Sometimes this comes naturally. I'll have an idea that will then lead to a message and it'll all fall into place quite neatly and I'll be happy with the outcome. Sometimes it works in the reverse, and I'll have something I want to talk about that I will then figure out how to build a story around and voila I have something I feel is worth saying.
Both Follow the Crows and The Door worked in these ways respectively. With Follow the Crows Marc and I decided we wanted to do something based around the landscapes and locations we have available. We looked at the bleak, yet beautiful backdrops of Wiltshire and knew that was where we wanted to tell our story.
Quite quickly a basic outline developed, based off of several separate ideas I had for stories; a man being hunted across a wasteland, a group of unsavoury characters surviving harsh conditions. These nuggets were fitted together to become the basis for the film, but as we started piecing them together it became clear what I was trying to say, and once that happened everything we did was dictated by that message.
With The Door the process was almost the reverse. I wanted to say something about the 2016 EU Referendum, something I felt no one else was saying at that time. I wanted to critically look at the stupidity of referendum as a whole, at least as I saw it. I dislike them, and I wanted to show people why. From that came the story of six strangers trapped in a room, their unseen captor giving them a choice. The plot was born from the message, whereas with Follow the Crows the message was born from the plot.
I don't particularly have a preference with regards to which one of these methods I prefer. With my latest feature script (hopefully going into production toward the end of this year) the message dictated the plot but then, somehow, a different message appeared from that. I don't think it's a black and white process, and, in truth, it's something that's kind of out of my control.

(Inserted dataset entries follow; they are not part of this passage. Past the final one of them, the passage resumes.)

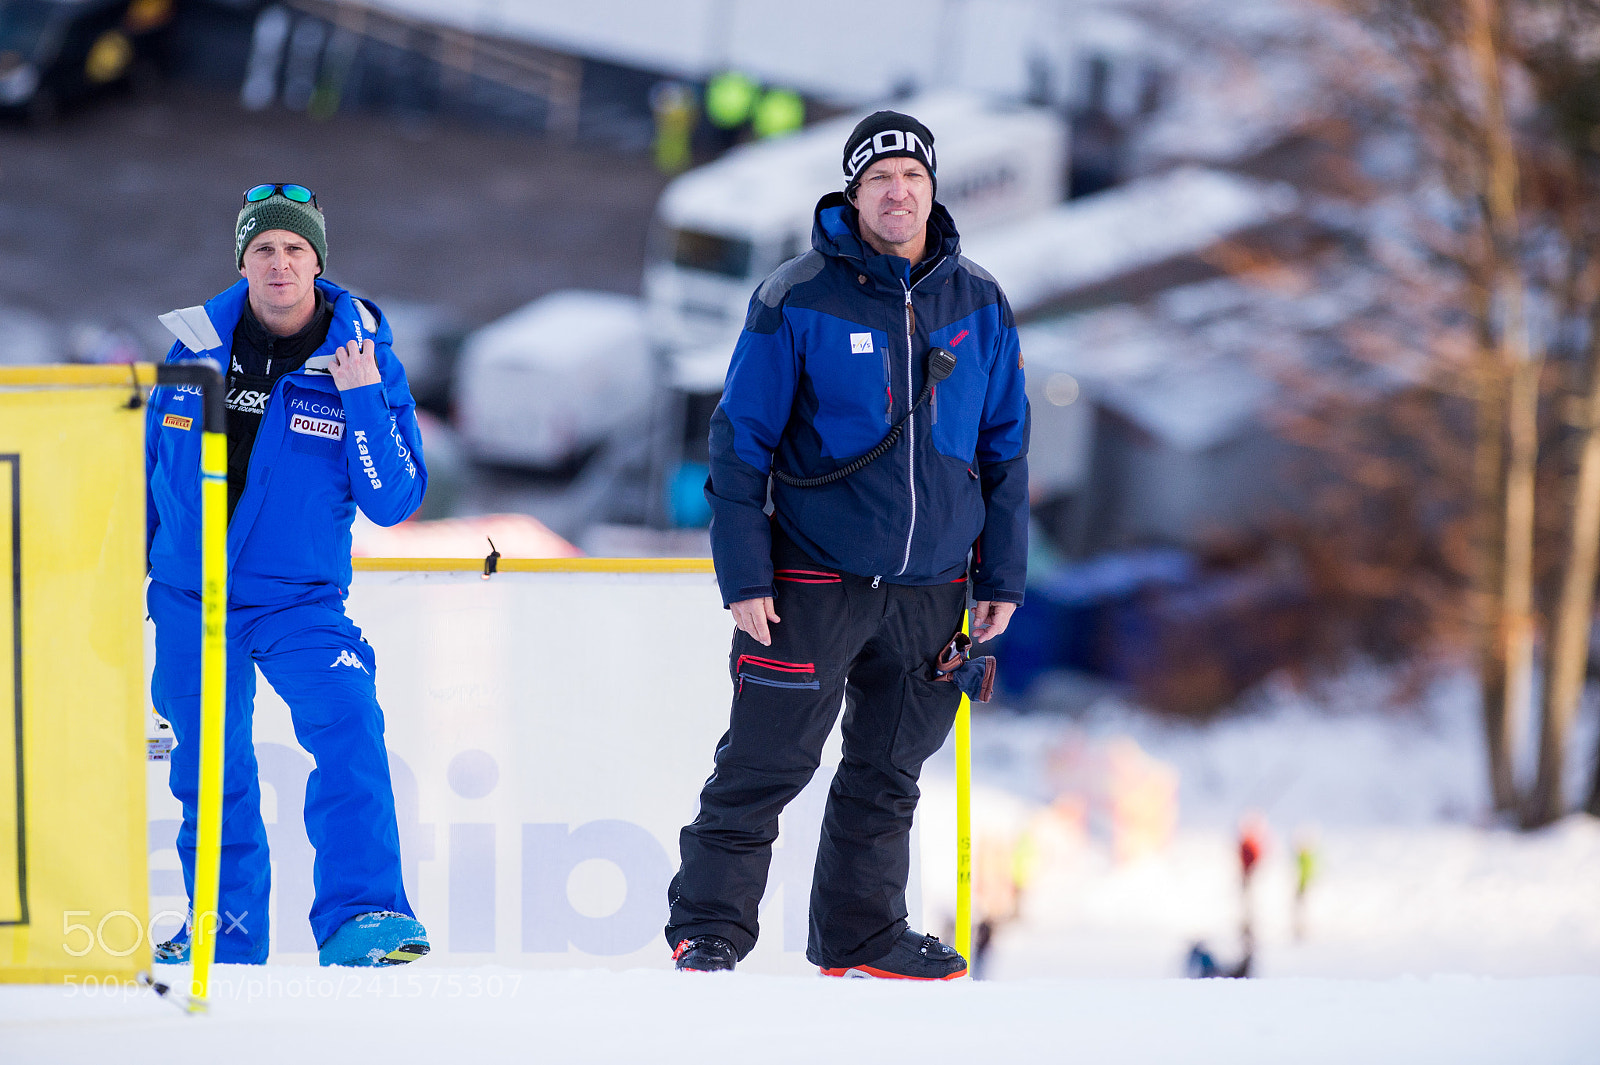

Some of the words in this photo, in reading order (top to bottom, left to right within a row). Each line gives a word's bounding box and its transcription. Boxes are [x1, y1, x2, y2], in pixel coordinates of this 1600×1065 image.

[290, 398, 346, 420] FALCONE
[165, 416, 191, 428] PIRELLI
[293, 417, 340, 437] POLIZIA
[354, 430, 382, 490] Kappa
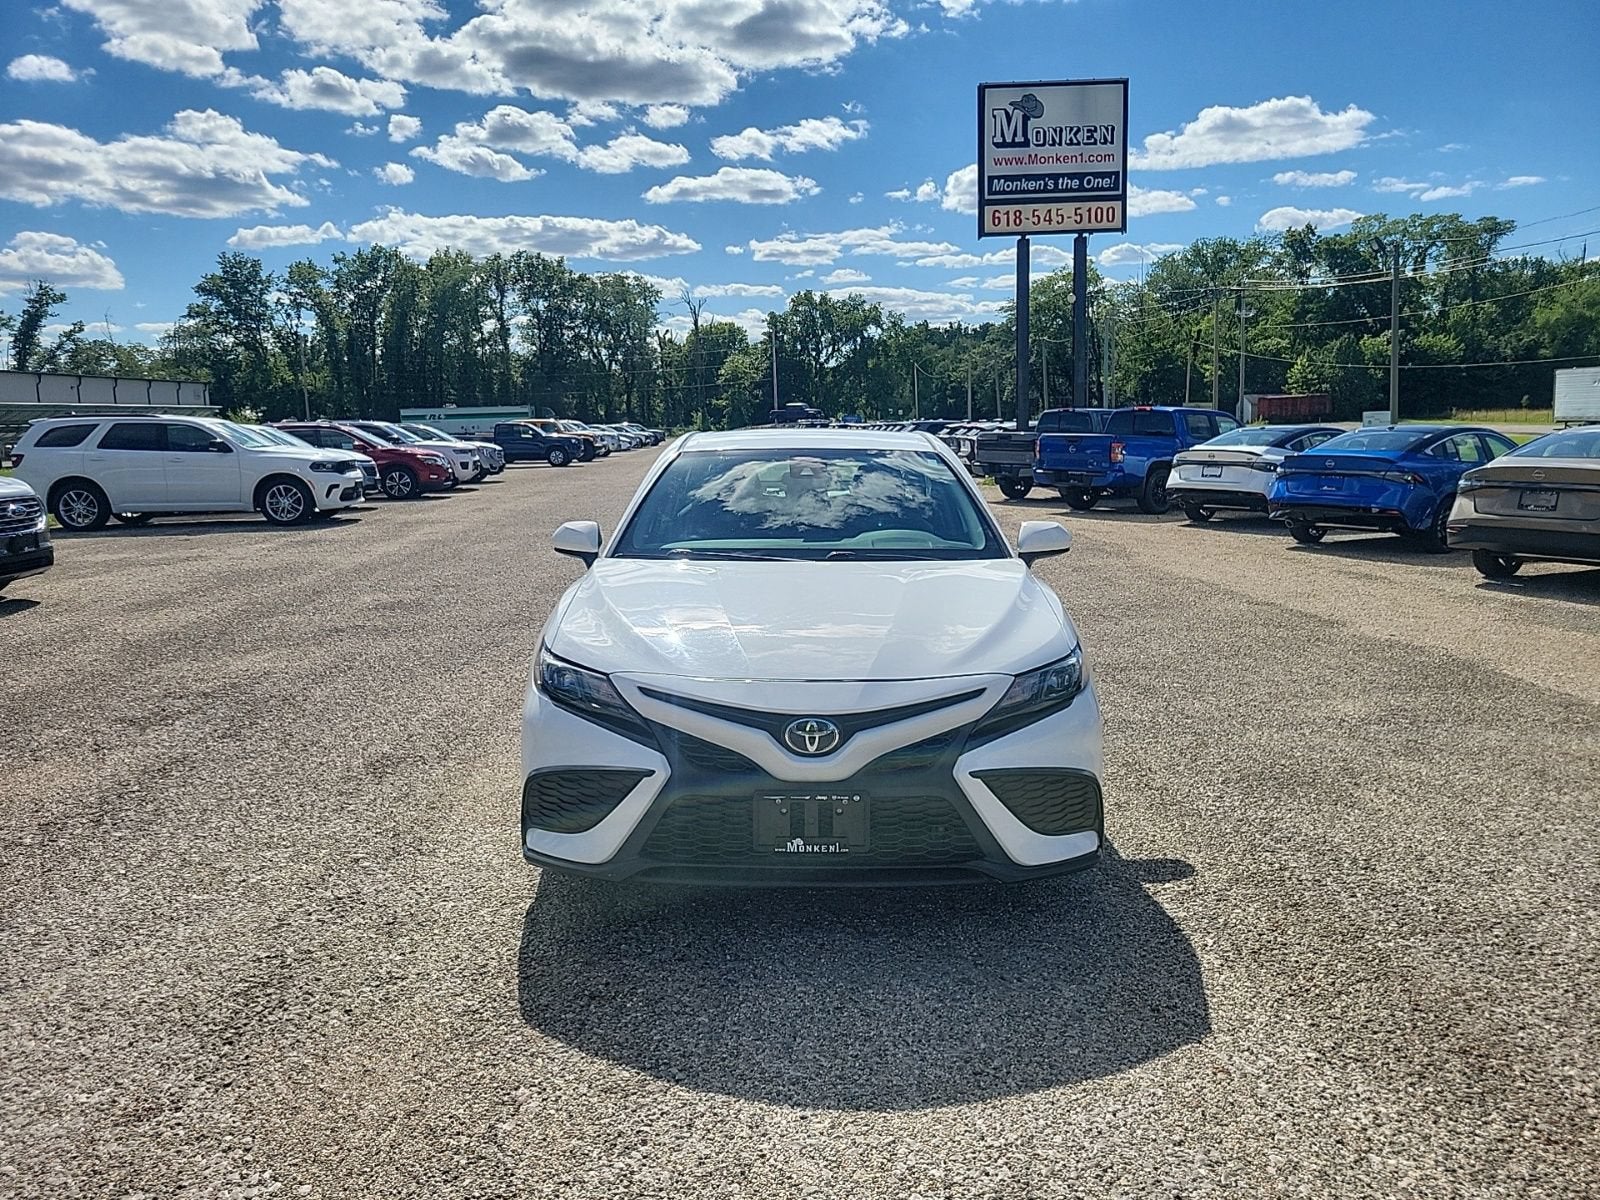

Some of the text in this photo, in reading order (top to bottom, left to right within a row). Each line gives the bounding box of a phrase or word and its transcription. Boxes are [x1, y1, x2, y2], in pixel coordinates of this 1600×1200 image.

[992, 108, 1115, 148] MONKEN
[993, 152, 1115, 166] www.Monken1.com
[992, 175, 1115, 191] Monken's the One!
[991, 206, 1116, 227] 618-545-5100
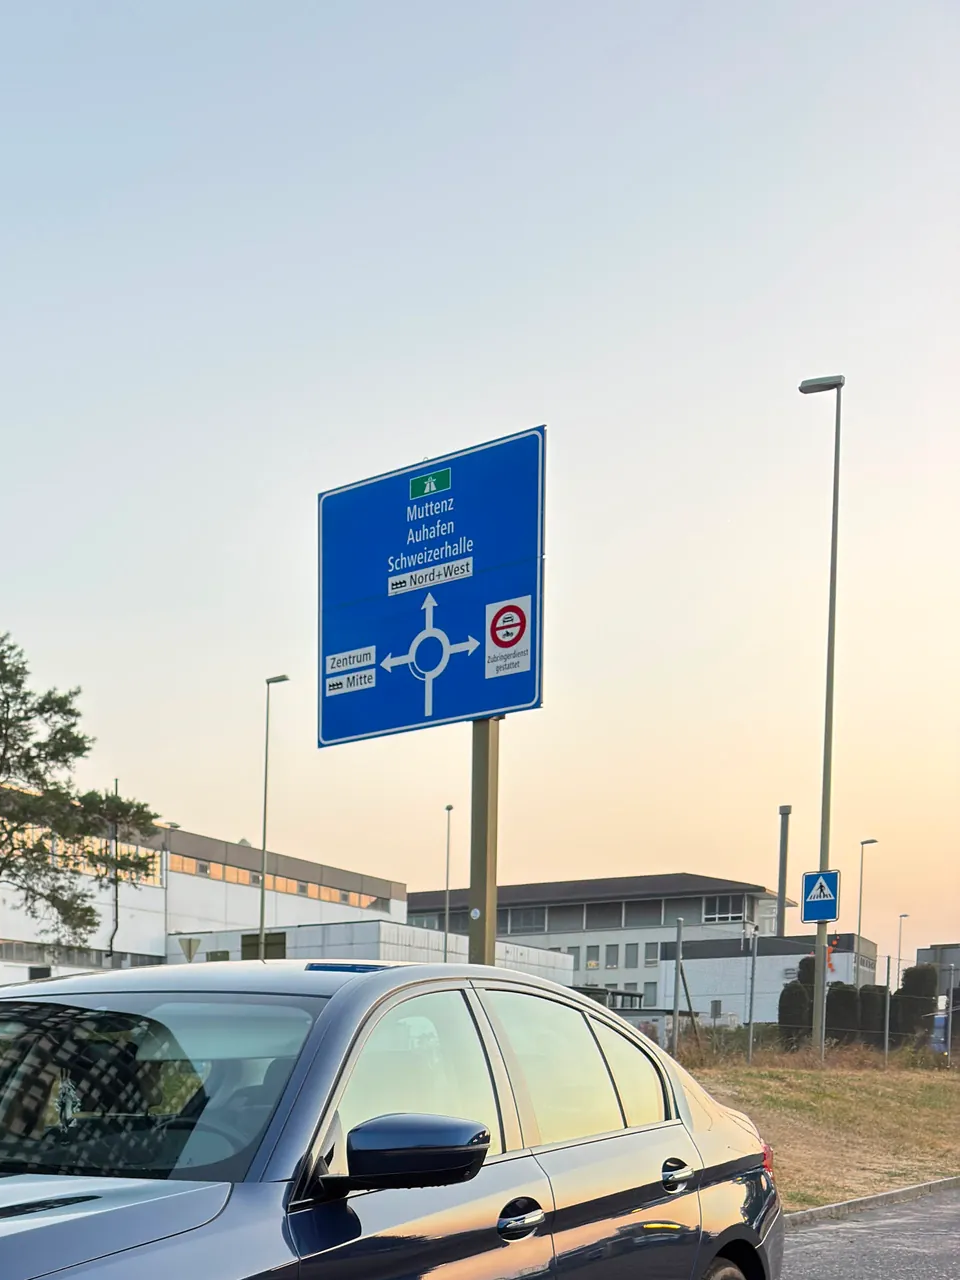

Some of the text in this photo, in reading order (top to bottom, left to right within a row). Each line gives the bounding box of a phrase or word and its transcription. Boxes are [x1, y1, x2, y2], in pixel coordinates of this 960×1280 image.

[406, 498, 454, 522] Muttenz
[406, 519, 455, 545] Auhafen
[387, 536, 474, 573] Schweizerhalle
[409, 561, 471, 587] Nord+West
[330, 652, 372, 669] Zentrum
[487, 649, 529, 664] Zubringerdienst
[495, 661, 520, 674] gestattet
[346, 674, 374, 689] Mitte
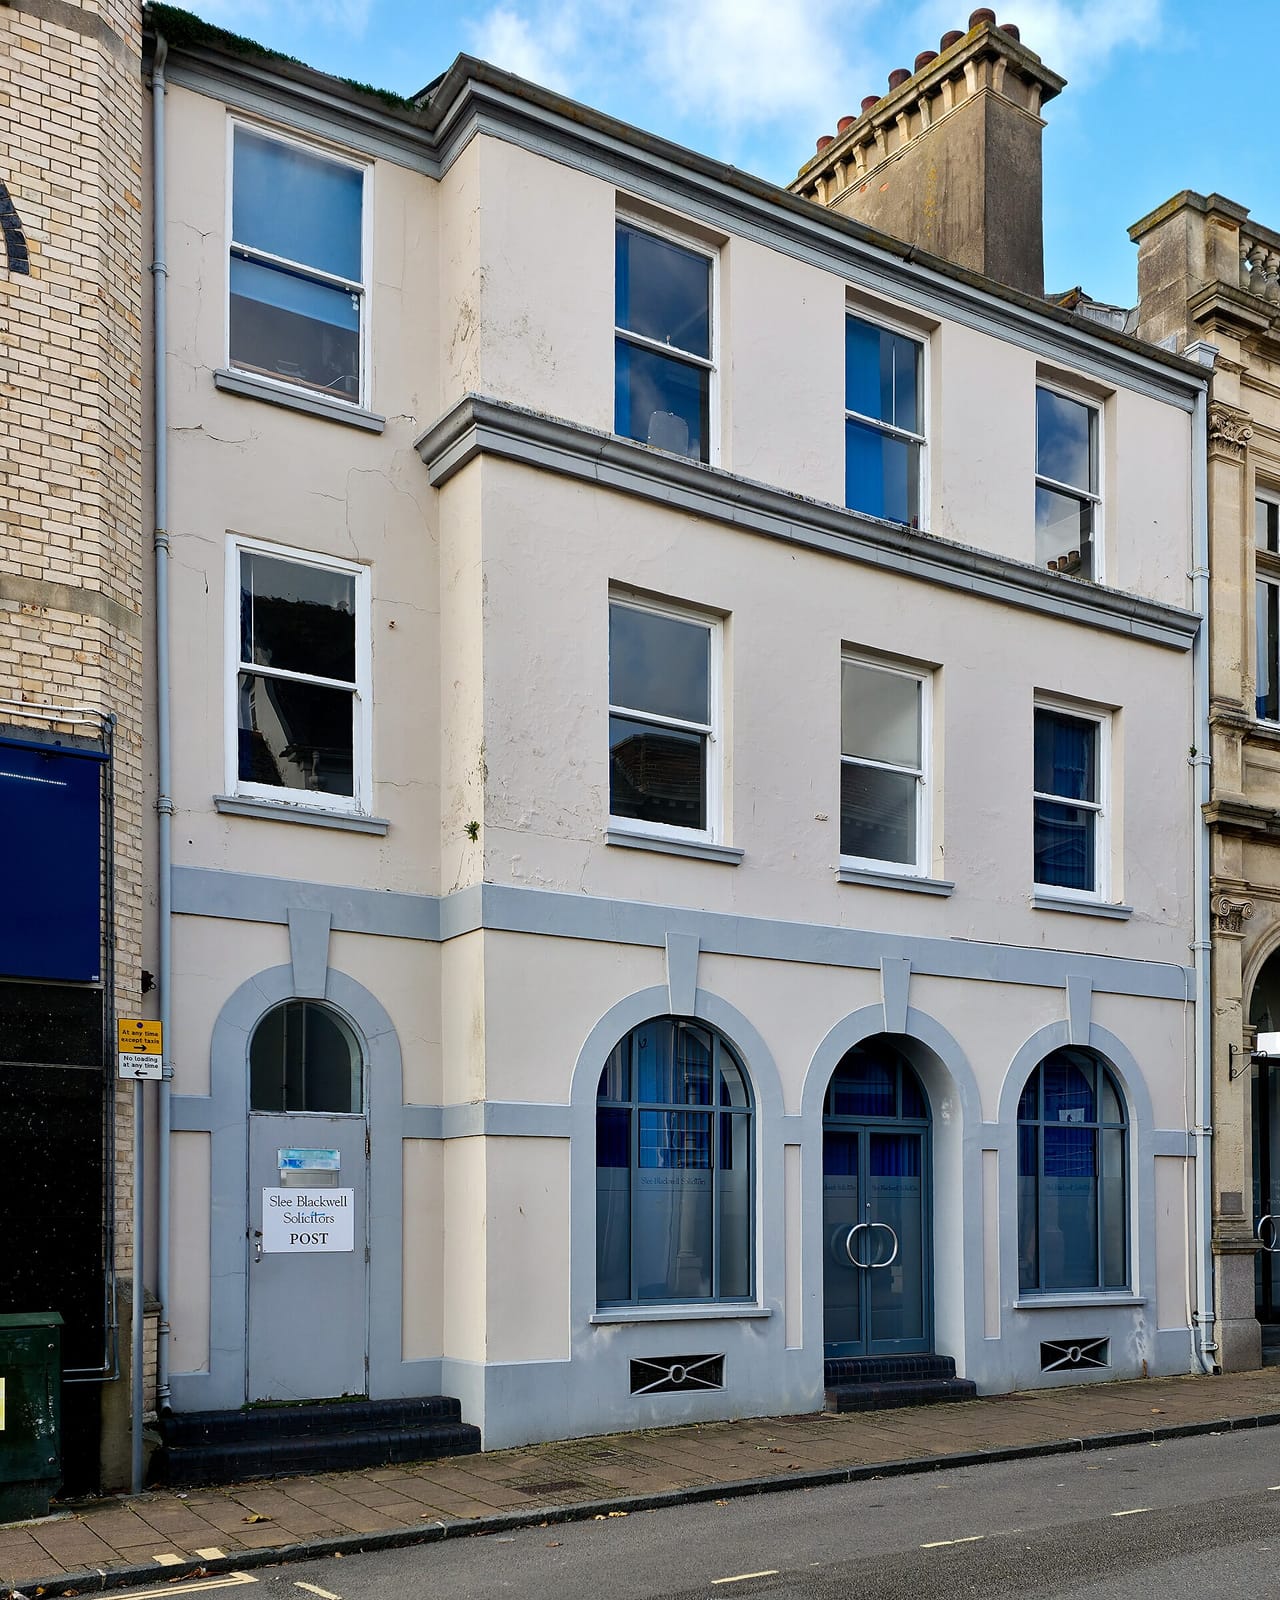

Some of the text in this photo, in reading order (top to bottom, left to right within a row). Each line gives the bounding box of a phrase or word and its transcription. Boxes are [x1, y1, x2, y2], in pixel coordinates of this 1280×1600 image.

However, every once in a while I'll have an idea that appears in my mind, I'll make a note of it, and then I won't be able to forget it. It'll just play over and over and over in my head, like a caged animal crashing against the walls of its enclosure, desperately trying to get out. And that's fine, except that. whenever I put pen to paper, I have no idea what I'm trying to say. No idea how this particular story fits in with me, and what message I want to get across. And, as pretentious as it may sound, unless there's something to say I feel like I don't want to do it.
Normally I'm able to brush ideas that don't "conform" to a message aside, letting them sit waiting until eventually they do, but as I said, every so often there is an idea that I know has something to it. I know there's a message in there and I know it's something that excites me. It just keeps bashing against the walls of my mind, refusing to go away and... well, it's really bloody frustrating.
I currently have three such ideas, all vying for attention, all of them clear and yet murky. For some reason they just don't seem to work, and yet if I could just figure out how to make them work I know that they're ideas worth following through with. They're so close and yet so far, almost fully formed but not quite complete, and the most frustrating part is that I know how to fix them, I just don't know what that fix is. What am I trying to say here?